### Your assignment:
From the line that contains "this 1600×1067 image." to the last line of the data, every line is to be transcribed exactly; no other line is to be included.

### Supplied entries:
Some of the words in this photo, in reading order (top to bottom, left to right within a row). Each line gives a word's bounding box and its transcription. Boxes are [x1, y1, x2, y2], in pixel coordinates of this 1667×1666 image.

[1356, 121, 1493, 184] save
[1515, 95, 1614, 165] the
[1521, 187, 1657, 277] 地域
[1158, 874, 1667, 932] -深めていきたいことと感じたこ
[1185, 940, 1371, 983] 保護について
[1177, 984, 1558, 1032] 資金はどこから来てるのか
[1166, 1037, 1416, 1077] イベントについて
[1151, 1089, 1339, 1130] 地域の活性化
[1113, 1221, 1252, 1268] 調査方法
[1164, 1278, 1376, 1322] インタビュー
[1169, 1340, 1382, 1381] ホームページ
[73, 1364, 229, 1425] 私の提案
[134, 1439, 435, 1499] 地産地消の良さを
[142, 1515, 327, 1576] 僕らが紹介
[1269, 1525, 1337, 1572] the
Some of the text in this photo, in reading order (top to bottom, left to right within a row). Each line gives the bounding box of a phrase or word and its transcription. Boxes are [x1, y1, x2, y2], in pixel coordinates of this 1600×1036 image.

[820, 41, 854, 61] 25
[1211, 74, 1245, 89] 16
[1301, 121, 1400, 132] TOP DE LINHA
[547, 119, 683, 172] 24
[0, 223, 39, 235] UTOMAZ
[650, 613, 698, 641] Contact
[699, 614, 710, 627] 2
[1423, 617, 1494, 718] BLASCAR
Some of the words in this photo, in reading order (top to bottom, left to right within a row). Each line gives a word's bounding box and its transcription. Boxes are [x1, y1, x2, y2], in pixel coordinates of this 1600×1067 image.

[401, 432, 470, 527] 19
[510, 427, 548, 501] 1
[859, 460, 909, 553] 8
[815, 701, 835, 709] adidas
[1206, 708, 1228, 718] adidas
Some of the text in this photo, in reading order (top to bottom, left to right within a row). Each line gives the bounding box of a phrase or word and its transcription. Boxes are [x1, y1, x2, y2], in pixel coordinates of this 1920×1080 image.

### Response:
Some of the words in this photo, in reading order (top to bottom, left to right within a row). Each line gives a word's bounding box and its transcription. Boxes are [x1, y1, x2, y2], in pixel coordinates of this 1600×1067 image.

[401, 432, 470, 527] 19
[510, 427, 548, 501] 1
[859, 460, 909, 553] 8
[815, 701, 835, 709] adidas
[1206, 708, 1228, 718] adidas
Some of the text in this photo, in reading order (top to bottom, left to right within a row). Each line gives the bounding box of a phrase or word and its transcription. Boxes are [x1, y1, x2, y2], in pixel coordinates of this 1920×1080 image.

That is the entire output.